Цикличность.
May. 5th, 2009 11:41 am![[personal profile]](https://www.dreamwidth.org/img/silk/identity/user.png)
Забавно, нам тогда казалось, что мы будем молодыми вечно. Конечно, мамы смотрели на нас и улыбались грустно, потому что знали - нет, не будем, дети очень быстро взрослеют. Но эта грусть в их глазах была не потому, что мы повзрослеем, а потому, что скоро мы уйдём из родительских семей органично, свободно, улыбчиво - просто перешагнув порог, просто отправившись в то место, где начнётся наша собственная взрослая жизнь, с ошибками, раданьями в подушку, с закушенными губами, с внезапным осознанием того, что надо смолчать, перетерпеть и оставить камень на камне, оставить, чтобы было за что зацепиться в следующий раз. Поэтому мамы грустили. А папы - они отчего-то с самого нашего рождения приняли то (счастливая особенность мужского внутреннего мира), что ребёнок вырастет и уйдёт. Он в его семью пришёл погостить, лет этак на восемнадцать-двадцать, а потом он заберёт у отца право жить и решать самостоятельно, не спросясь, потому лучше это зыбкое право не приватизировать на своё имя изначально. Что там сказал вот этот, к примеру, папа, уходя из родительского дома? Перелистнём-ка страницы на двадцать восемь лет назад, ну-ка.

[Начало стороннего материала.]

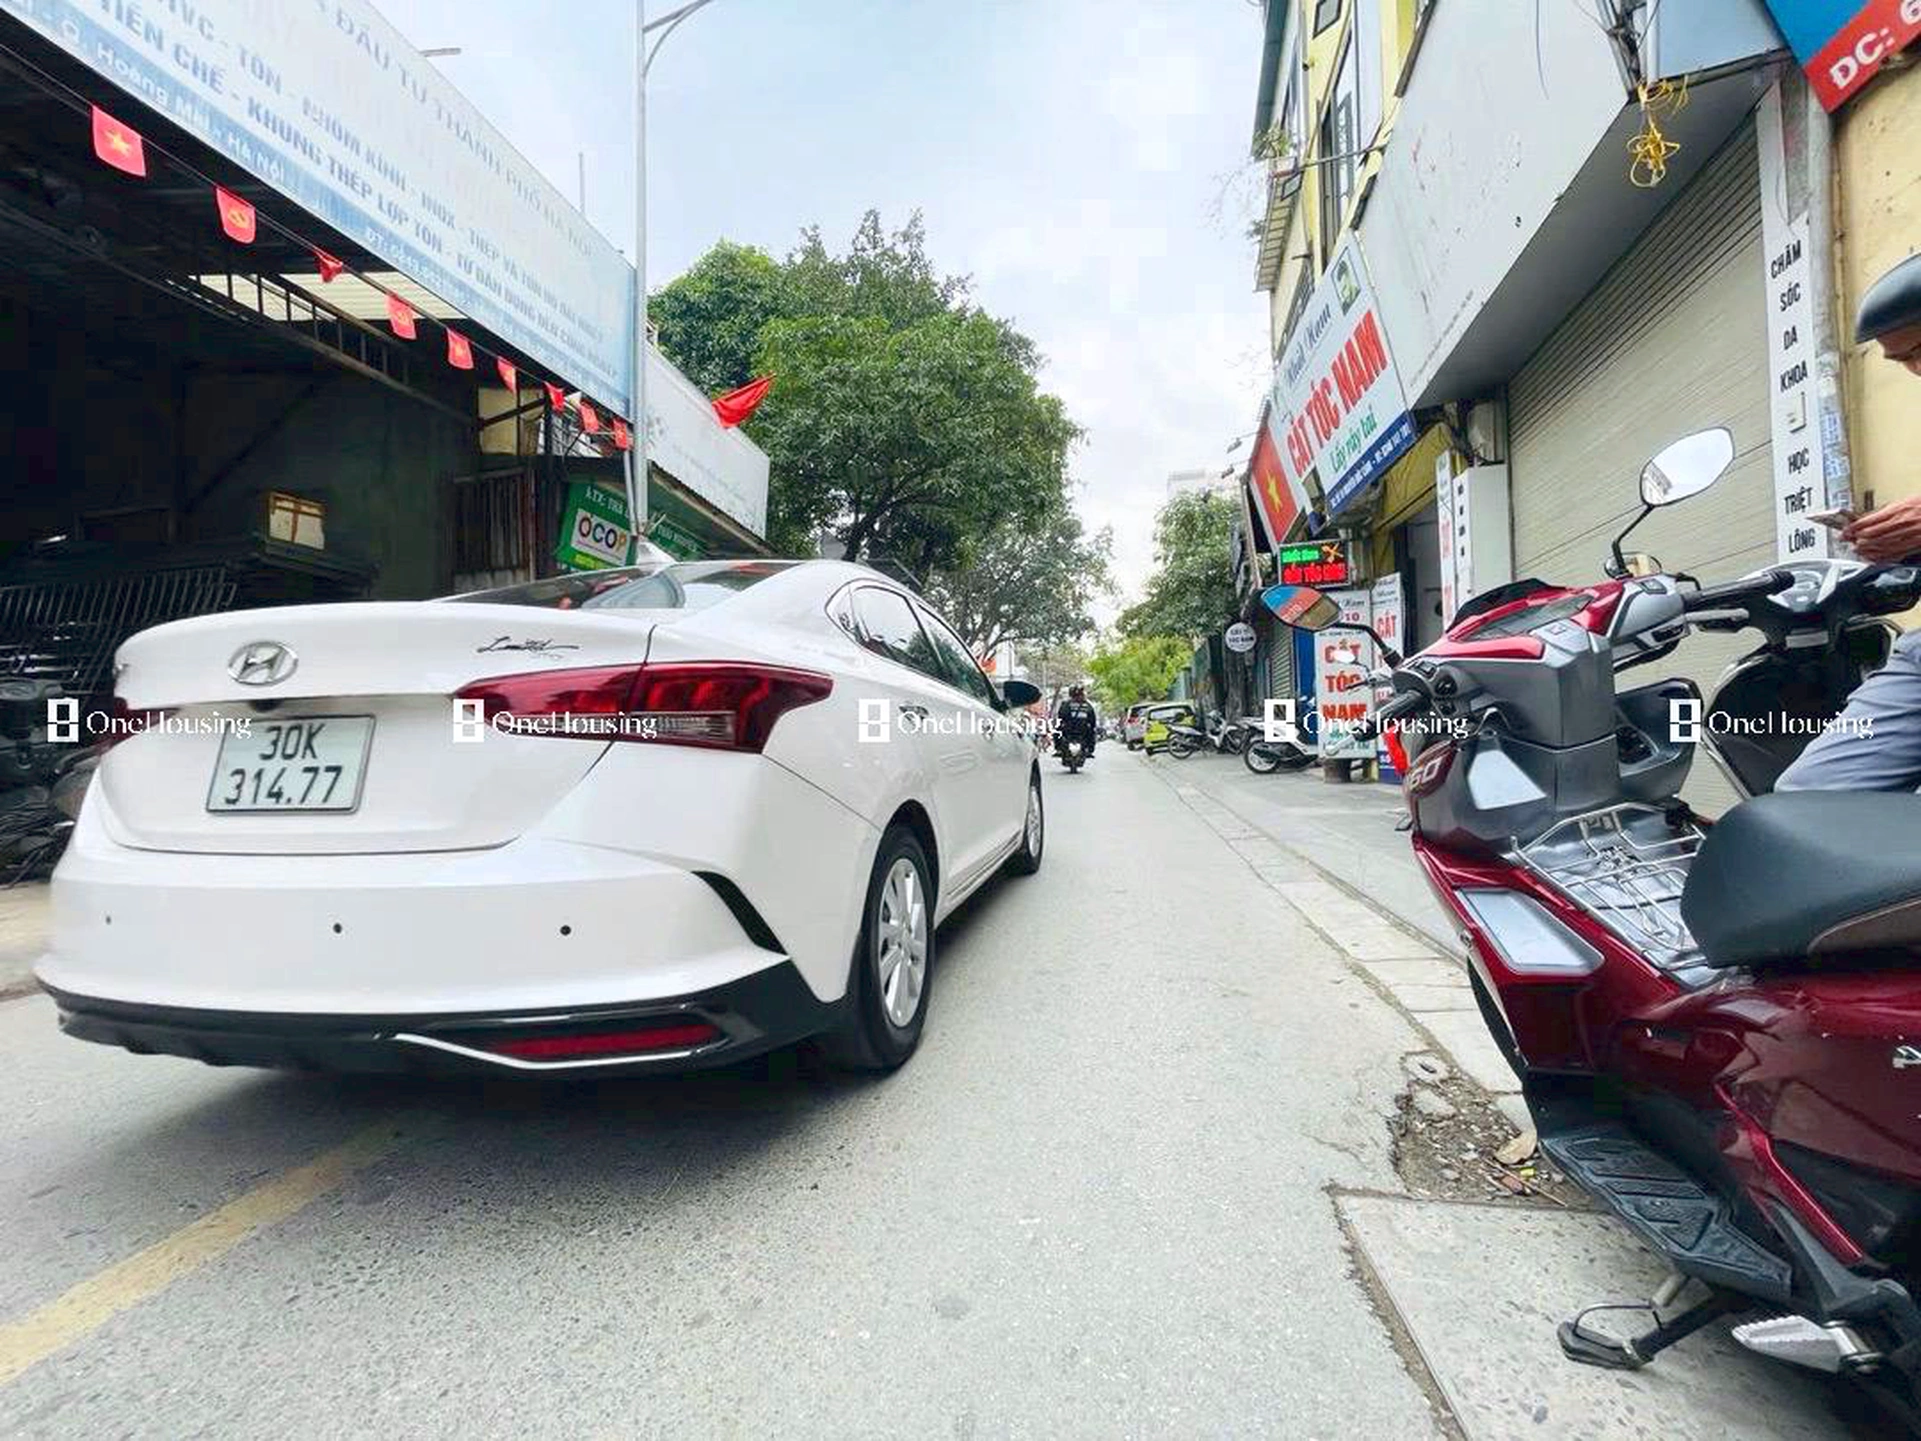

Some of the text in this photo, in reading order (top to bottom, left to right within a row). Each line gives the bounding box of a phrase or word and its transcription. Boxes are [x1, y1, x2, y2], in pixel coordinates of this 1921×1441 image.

[1780, 283, 1801, 312] SÓC
[1306, 378, 1340, 449] TÓC
[1331, 310, 1387, 415] NAM
[1779, 360, 1808, 393] KHOA
[1787, 447, 1810, 474] HỌC
[1784, 486, 1812, 514] TRIỆT
[1788, 528, 1816, 554] LÔNG
[259, 723, 323, 761] 30K
[225, 765, 343, 806] 314.77
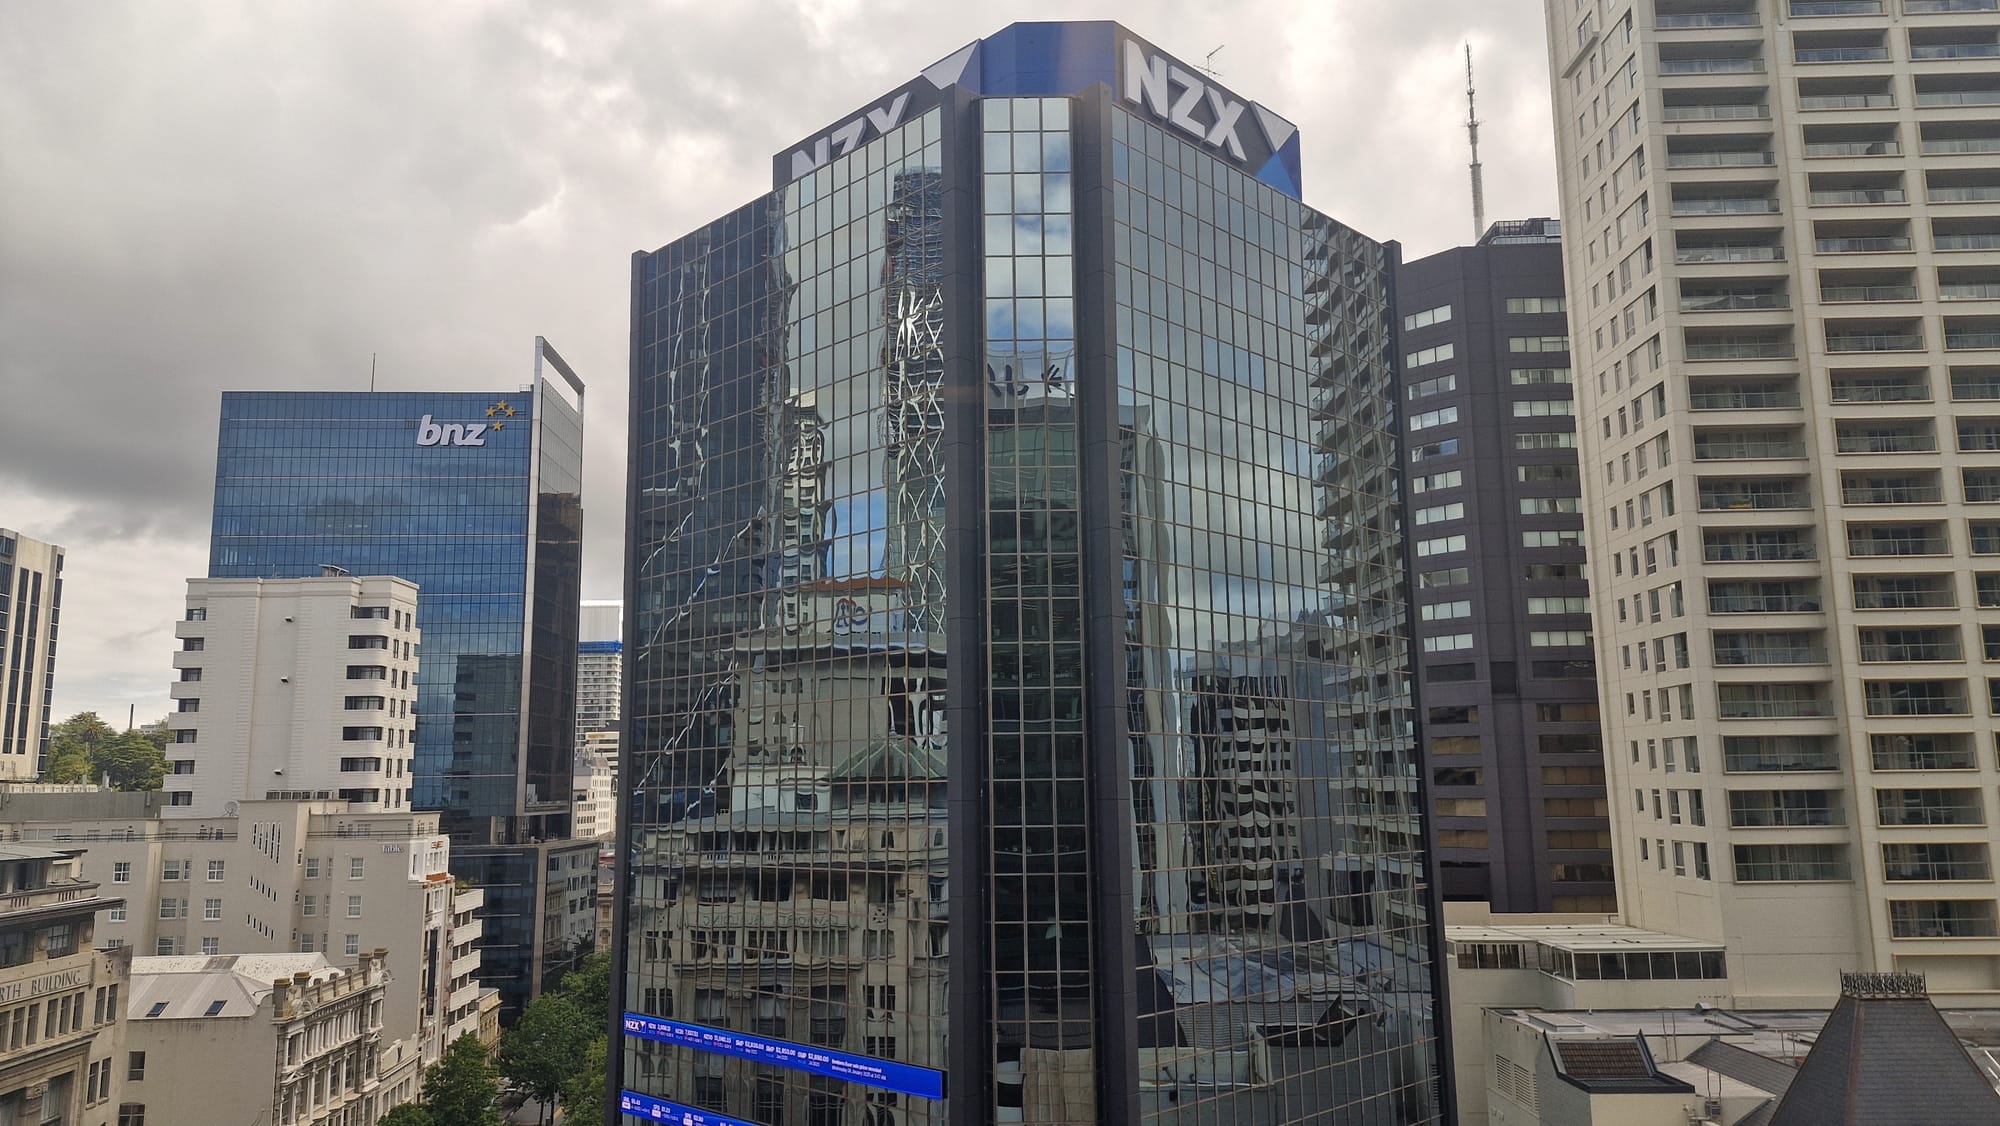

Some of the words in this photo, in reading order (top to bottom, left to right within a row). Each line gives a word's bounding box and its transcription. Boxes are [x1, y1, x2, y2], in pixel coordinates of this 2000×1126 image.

[1123, 38, 1248, 162] NZX
[416, 414, 488, 446] bnz
[31, 970, 81, 995] BUILDING
[625, 1020, 640, 1031] NZX

Крыльцо статного, зажиточного деревенского дома, отец семейства - главный бухгалтер огромного совхоза, вот он, сидит на крыльце с "Примой" в зубах и снизу вверх смотрит на старшего сына.
- Бать, ну чего ты надулся, а? Я ж приеду. Вот год отработаю - и приеду, серьёзно, - говорит сын.

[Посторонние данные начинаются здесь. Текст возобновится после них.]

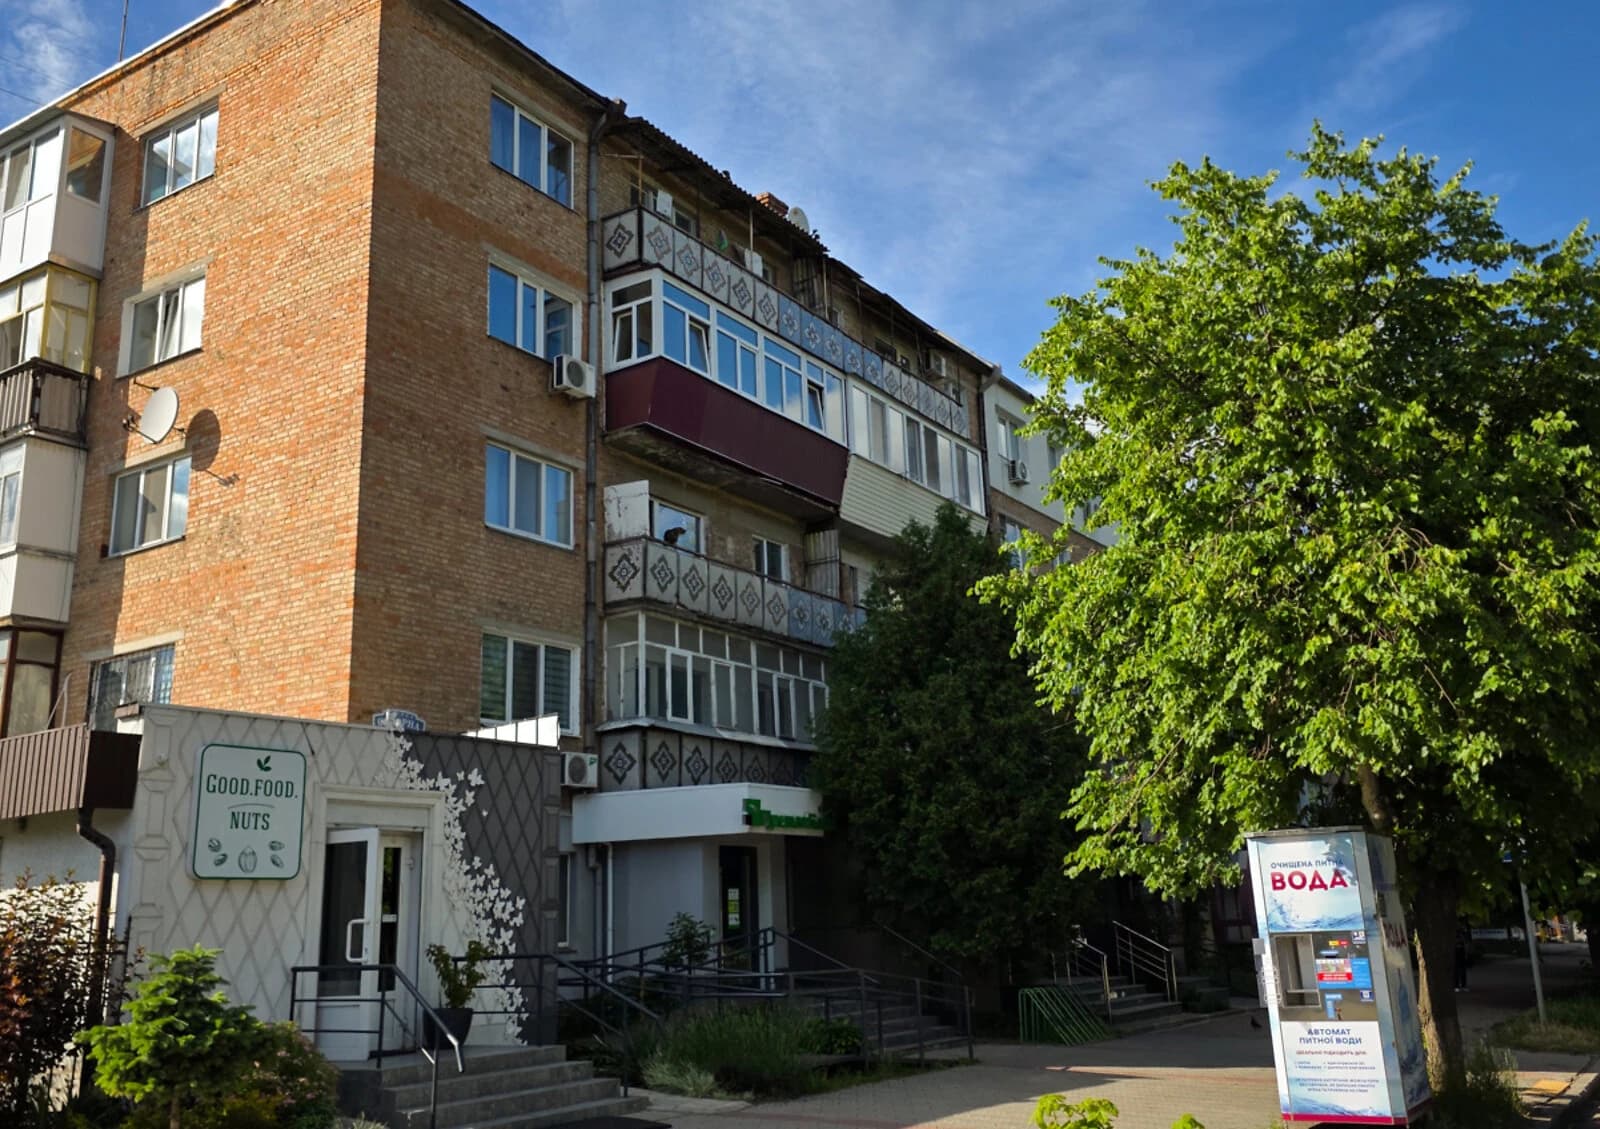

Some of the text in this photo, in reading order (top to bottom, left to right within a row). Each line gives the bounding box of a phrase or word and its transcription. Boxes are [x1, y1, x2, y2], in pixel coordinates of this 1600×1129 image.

[229, 811, 271, 830] NUTS
[1270, 861, 1313, 869] ОЧИЩЕНА
[1270, 869, 1349, 891] ВОДА
[1307, 1028, 1351, 1036] АВТОМАТ
[1299, 1036, 1362, 1045] ПИТНОЇ ВОДИ

- Гейзеры, - задумчиво отвечает отец, - или как там они? Ни разу не видел. Камчатка. Интересно. Вывозил вас с северов, вывозил, чтоб вы нормально жили, а ты, вишь, вообще вон куда решил дунуть. Что ж, сам взрослый уже, решил - значит, езжай. Матери пиши обязательно. Слышишь, паразит?! Ох, убьёт она меня, что ты её с работы не дождался попрощаться...
- Бать, она же полдня рыдать будет, ну чего ты? Не хочу я этого..., - виновато бормочет сын.
- Да ясно. Будто я хочу. Теперь две недели слёз, едрит. Ладно, Ленька, давай, топай, на электричку опоздаешь.
Отец поднимается с тёплого янтарного крыльца (откуда мать брала такую краску, когда вся деревня красила крыльцо да тротуары обычным мрачно-кирпичным цветом - неизвестно), обнимает сына, сдавливает его до прохруста костей, тычет кулаком в плечо да отпускает. Тот идёт, не оглядываясь, по деревянным "тротуарам" к калитке, пёс по кличке Радай кидается ему под ноги прощальным скулящим клубком, чует, что расстаются надолго - и Ленька уходит. Рюкзак, авоська в руках, худой, высокий, пацан пацаном. Хотя какой уже пацан - двадцать два года, технический ВУЗ с отличием... Сын. Старший. Отец затягивается очередной "приминой" и с улыбкой думает, что у него трое, что Ленька Ленькой, а ещё средний Володька, а ещё Танюшка, которая нынче пойдёт в восьмой класс, нет, не опустеет его гнездо, долго ещё не опустеет...
Леонид Евгеньевич прожил на Камчатке до пятидесяти лет ровно. Вывозил семью на материк мучительно - и с нервами, и с долгами, и несколько раз срывались договорённости...
- Леонид! - ругалась жена. - Всю жизнь здесь живём! Я тут родилась, ты сюда по своей воле приехал, ну чего ты нас дёргаешь! Тут мама, тут родные могилы, тут...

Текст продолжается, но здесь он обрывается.